Any image in the records should be left out; output everything else exactly.

————————

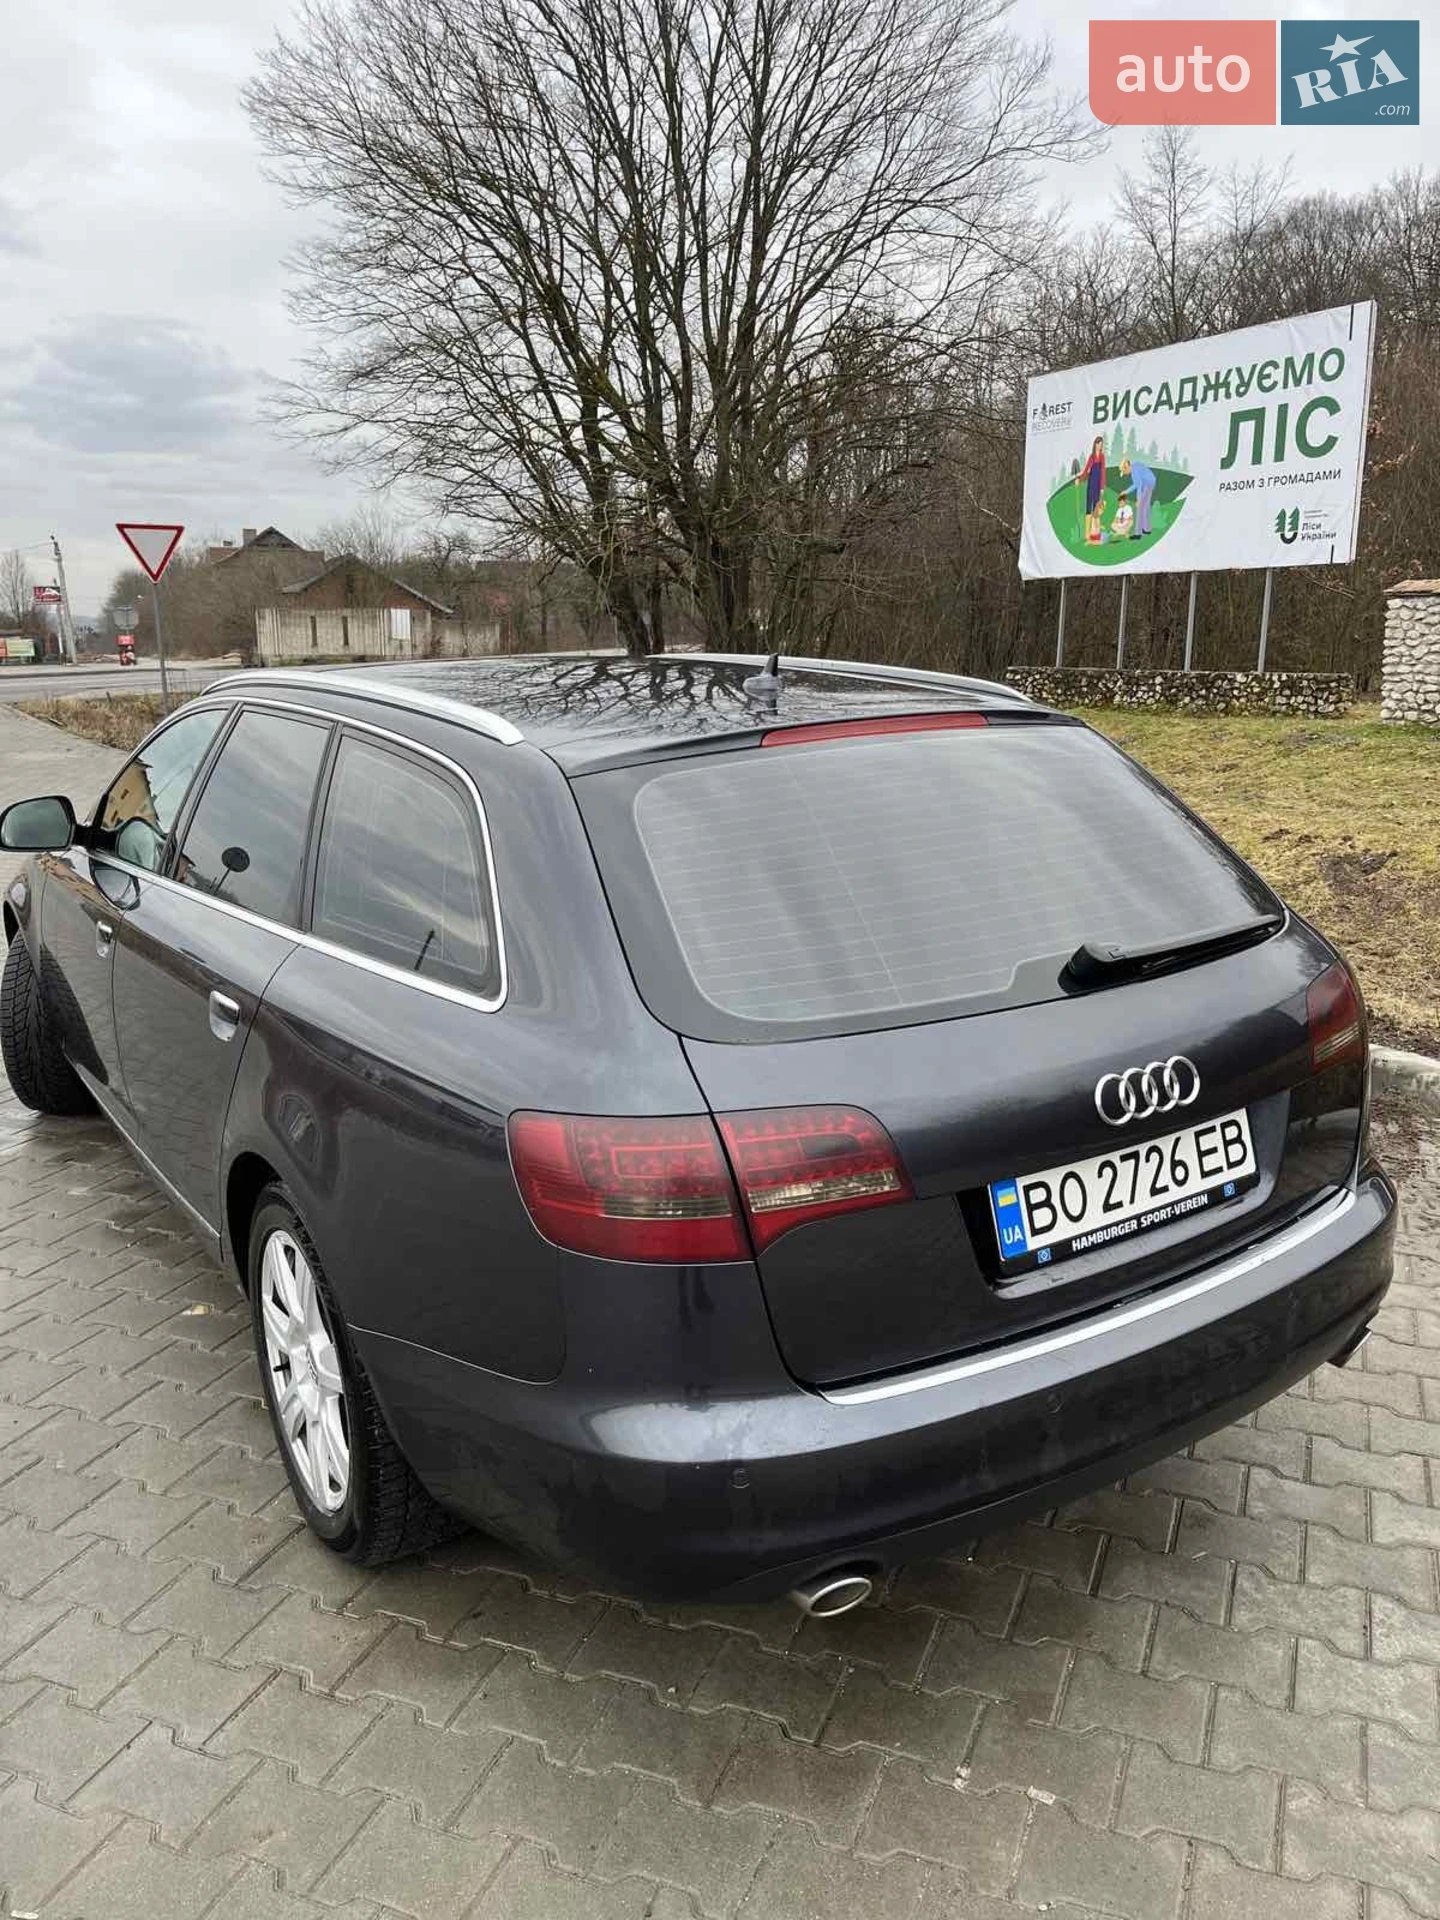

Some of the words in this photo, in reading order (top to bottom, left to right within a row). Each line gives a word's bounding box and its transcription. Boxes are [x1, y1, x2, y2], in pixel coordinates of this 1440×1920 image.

[1093, 347, 1345, 425] ВИСАДЖУЄМО
[1220, 395, 1342, 470] ЛІС
[1219, 479, 1255, 492] РАЗОМ
[1267, 469, 1342, 487] ГРОМАДАМИ
[1301, 531, 1337, 543] України
[1302, 522, 1322, 532] Ліси
[1022, 1171, 1088, 1237] BO
[1097, 1136, 1190, 1213] 2726
[1194, 1119, 1248, 1179] EB
[1003, 1224, 1024, 1245] UA
[1072, 1219, 1138, 1252] HAMBURGER
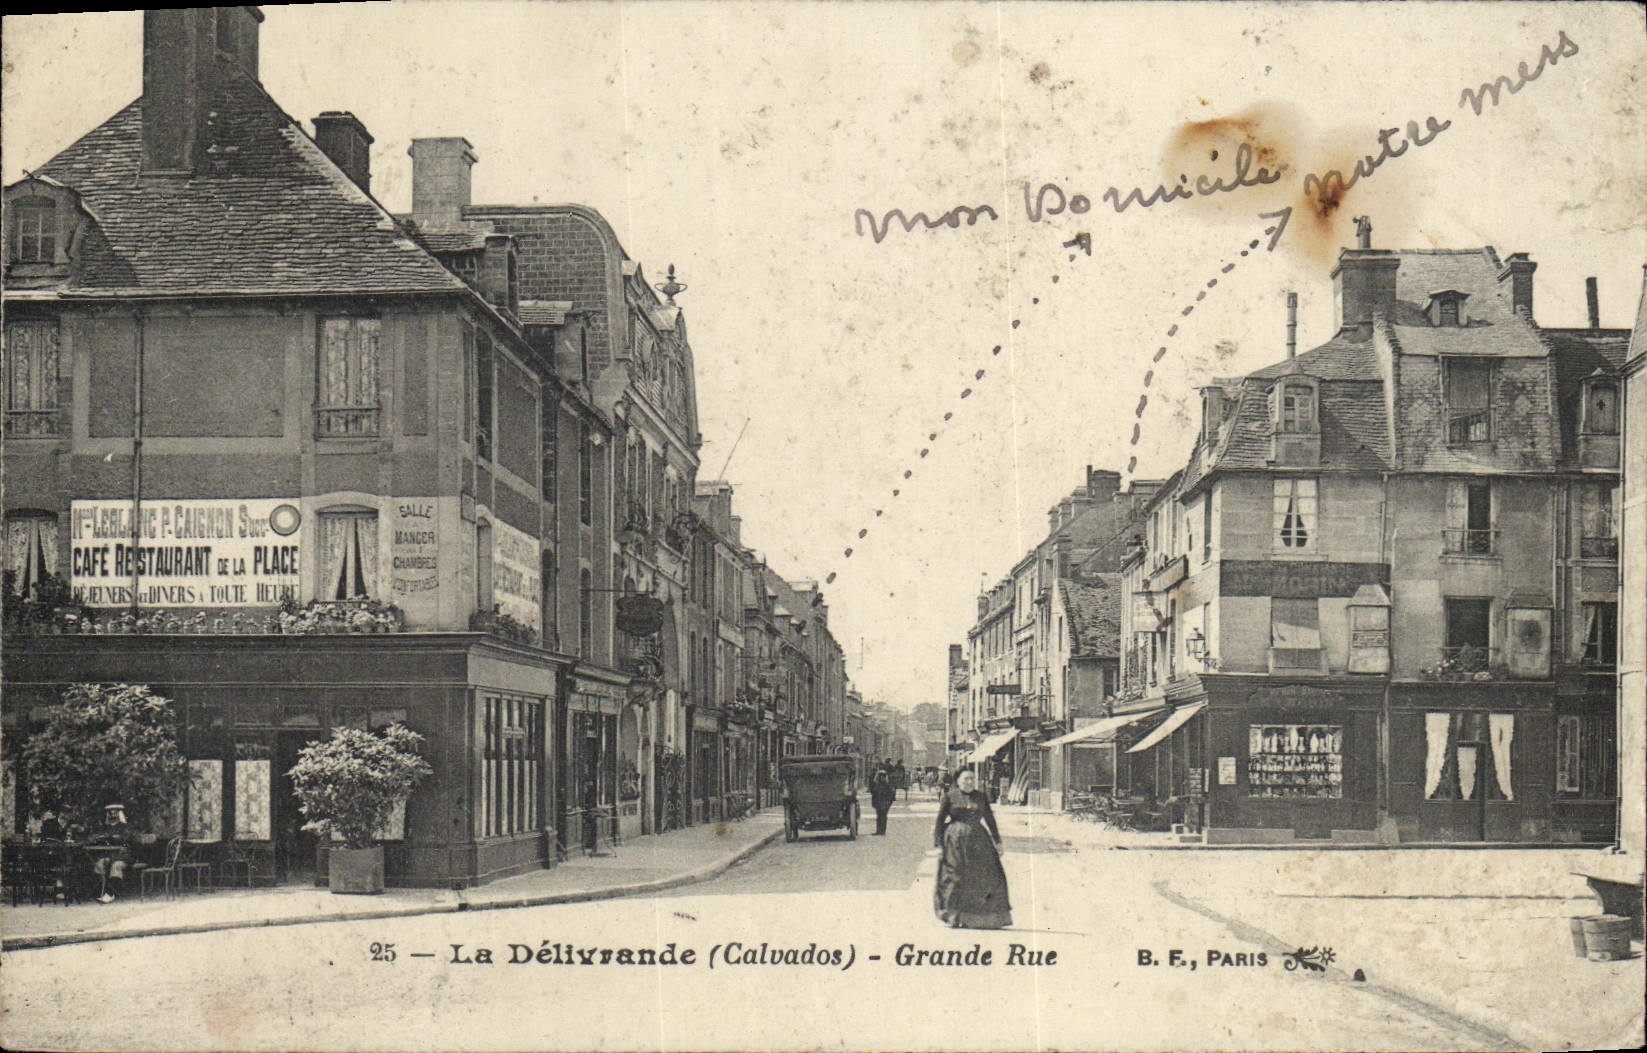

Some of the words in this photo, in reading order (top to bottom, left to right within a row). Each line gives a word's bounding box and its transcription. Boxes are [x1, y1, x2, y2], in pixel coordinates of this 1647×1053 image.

[1304, 116, 1452, 200] notre
[1458, 30, 1579, 116] mess
[399, 503, 433, 519] SALLE
[394, 530, 435, 545] MANGER
[73, 544, 109, 577] CAFÉ
[115, 543, 211, 577] RESTAURANT
[217, 558, 229, 575] DE
[233, 557, 246, 575] LA
[253, 545, 298, 575] PLACE
[393, 556, 437, 569] CHAMBRES
[148, 585, 196, 603] DINERS
[209, 584, 248, 604] TOUTE
[256, 583, 299, 603] HEURE

————————

- Output of the task:
Some of the words in this photo, in reading order (top to bottom, left to right within a row). Each line gives a word's bounding box and its transcription. Boxes are [x1, y1, x2, y2], in pixel coordinates of this 1440×1920 image.

[1093, 347, 1345, 425] ВИСАДЖУЄМО
[1220, 395, 1342, 470] ЛІС
[1219, 479, 1255, 492] РАЗОМ
[1267, 469, 1342, 487] ГРОМАДАМИ
[1301, 531, 1337, 543] України
[1302, 522, 1322, 532] Ліси
[1022, 1171, 1088, 1237] BO
[1097, 1136, 1190, 1213] 2726
[1194, 1119, 1248, 1179] EB
[1003, 1224, 1024, 1245] UA
[1072, 1219, 1138, 1252] HAMBURGER

Some of the words in this photo, in reading order (top to bottom, left to right within a row). Each line gives a word's bounding box and its transcription. Boxes are [x1, y1, x2, y2], in pixel coordinates of this 1647×1053 image.

[1304, 116, 1452, 200] notre
[1458, 30, 1579, 116] mess
[399, 503, 433, 519] SALLE
[394, 530, 435, 545] MANGER
[73, 544, 109, 577] CAFÉ
[115, 543, 211, 577] RESTAURANT
[217, 558, 229, 575] DE
[233, 557, 246, 575] LA
[253, 545, 298, 575] PLACE
[393, 556, 437, 569] CHAMBRES
[148, 585, 196, 603] DINERS
[209, 584, 248, 604] TOUTE
[256, 583, 299, 603] HEURE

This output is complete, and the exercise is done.